■ TO DO ■
Before you reproduce the entries that follow, strip out any image they contain and keep the rest exact.

■ RECORDS TO USE ■
>>

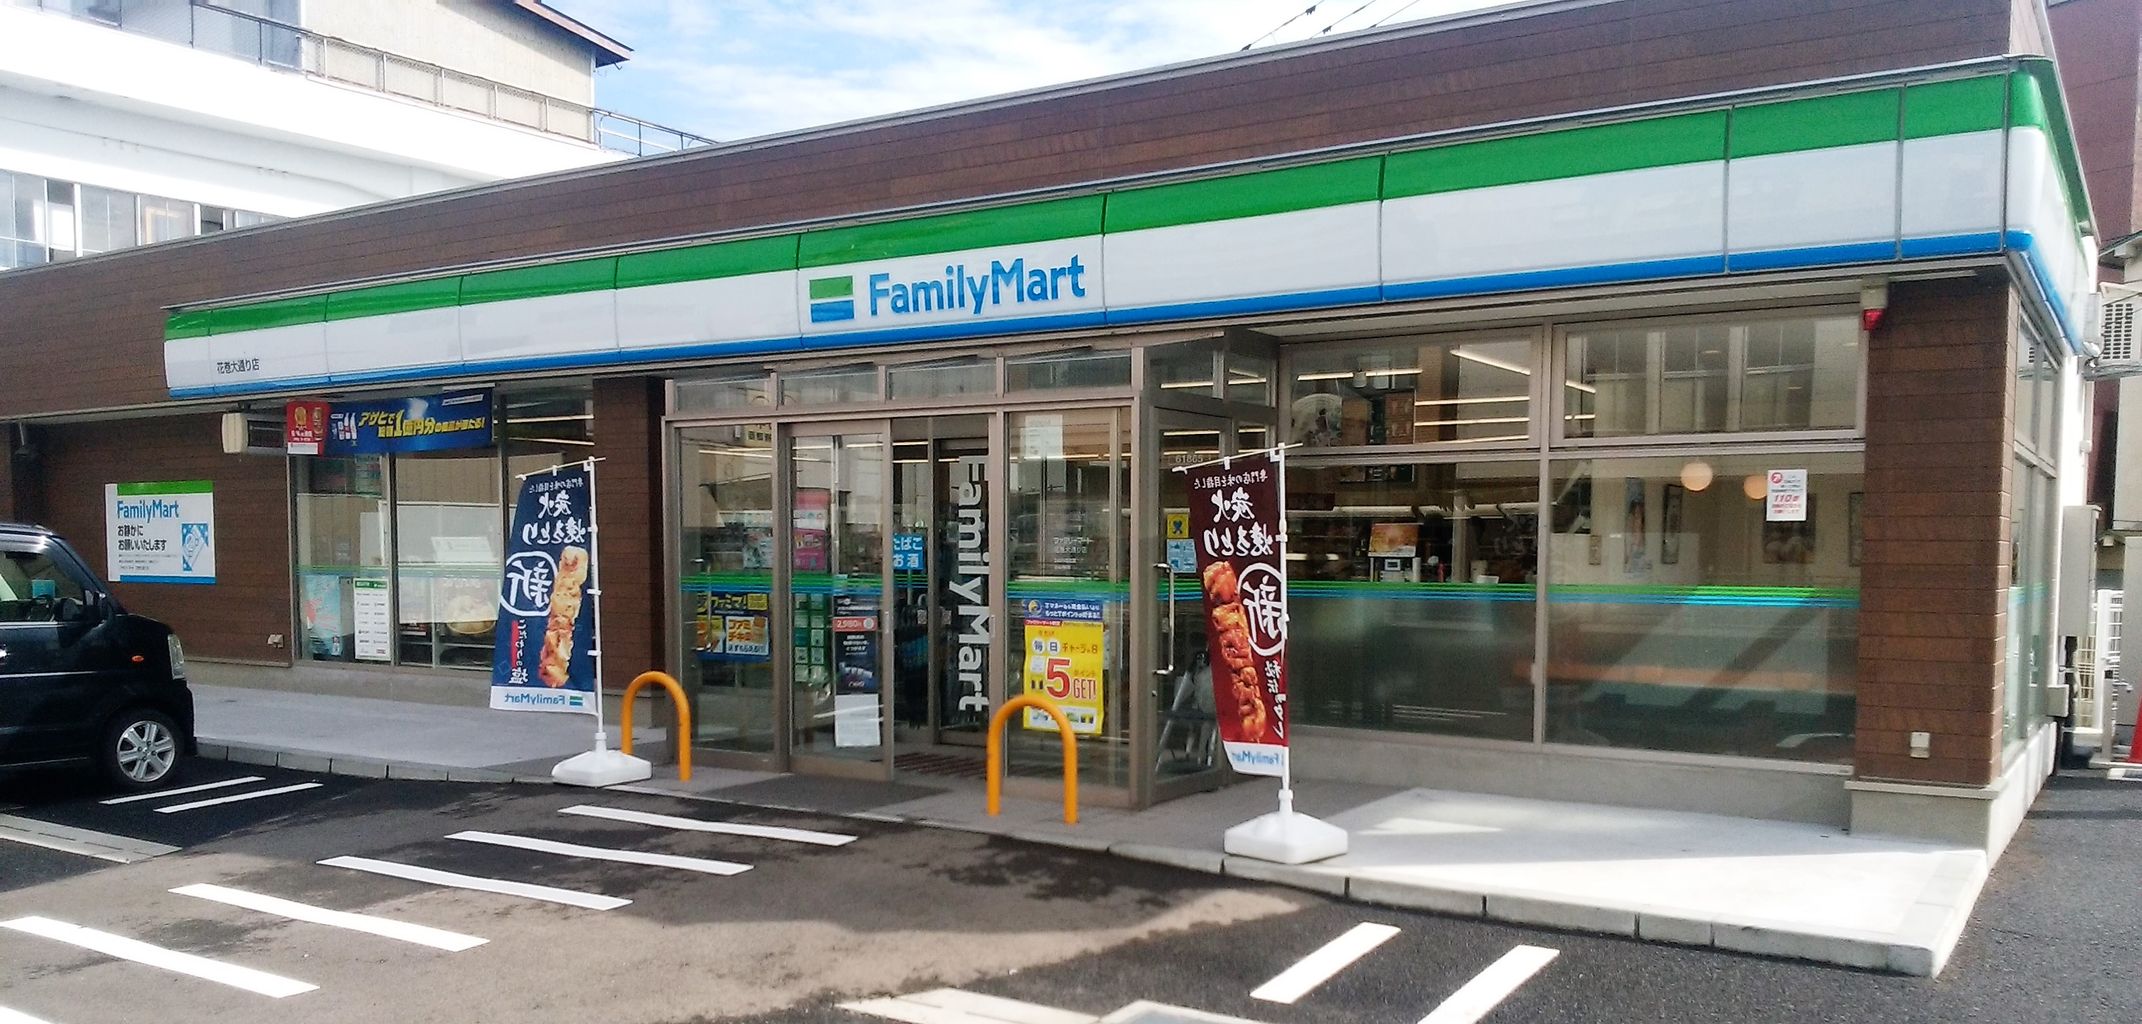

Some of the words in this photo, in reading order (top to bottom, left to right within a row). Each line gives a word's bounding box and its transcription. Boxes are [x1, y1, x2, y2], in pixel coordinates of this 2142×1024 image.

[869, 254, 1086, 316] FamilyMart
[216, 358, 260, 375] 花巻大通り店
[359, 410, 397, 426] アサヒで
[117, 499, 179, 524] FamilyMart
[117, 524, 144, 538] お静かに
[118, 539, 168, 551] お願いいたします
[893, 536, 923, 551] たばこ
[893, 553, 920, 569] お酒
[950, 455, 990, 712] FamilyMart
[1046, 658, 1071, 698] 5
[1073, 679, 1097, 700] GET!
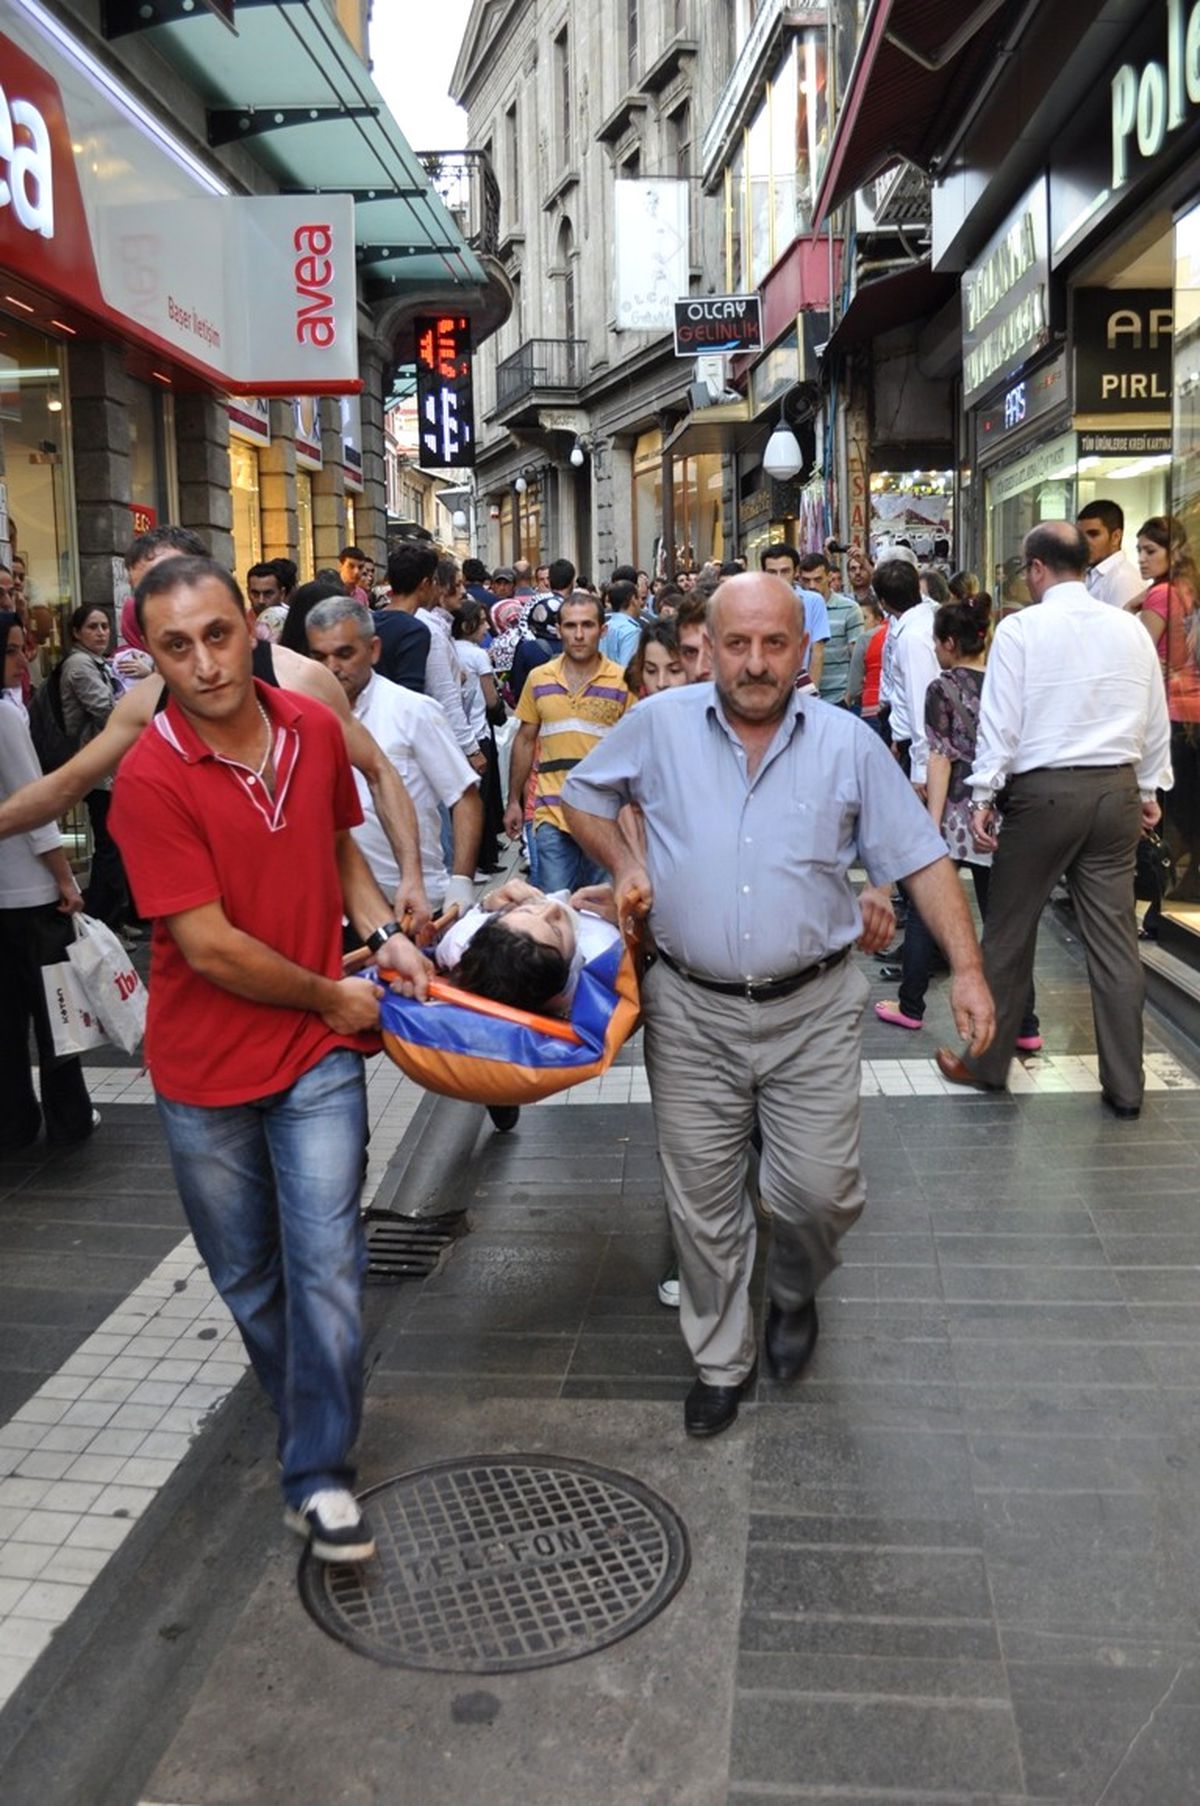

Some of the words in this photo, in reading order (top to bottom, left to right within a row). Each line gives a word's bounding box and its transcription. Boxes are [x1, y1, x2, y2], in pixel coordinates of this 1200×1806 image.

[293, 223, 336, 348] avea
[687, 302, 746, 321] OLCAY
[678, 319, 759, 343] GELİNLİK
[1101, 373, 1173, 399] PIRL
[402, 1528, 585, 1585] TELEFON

<<

■ SOLVED PROBLEM ■
Some of the words in this photo, in reading order (top to bottom, left to right within a row). Each line gives a word's bounding box and its transcription. Boxes are [x1, y1, x2, y2], in pixel coordinates of this 2142×1024 image.

[869, 254, 1086, 316] FamilyMart
[216, 358, 260, 375] 花巻大通り店
[359, 410, 397, 426] アサヒで
[117, 499, 179, 524] FamilyMart
[117, 524, 144, 538] お静かに
[118, 539, 168, 551] お願いいたします
[893, 536, 923, 551] たばこ
[893, 553, 920, 569] お酒
[950, 455, 990, 712] FamilyMart
[1046, 658, 1071, 698] 5
[1073, 679, 1097, 700] GET!

Some of the words in this photo, in reading order (top to bottom, left to right within a row). Each line gives a word's bounding box and its transcription. Boxes are [x1, y1, x2, y2], in pixel coordinates of this 1200×1806 image.

[293, 223, 336, 348] avea
[687, 302, 746, 321] OLCAY
[678, 319, 759, 343] GELİNLİK
[1101, 373, 1173, 399] PIRL
[402, 1528, 585, 1585] TELEFON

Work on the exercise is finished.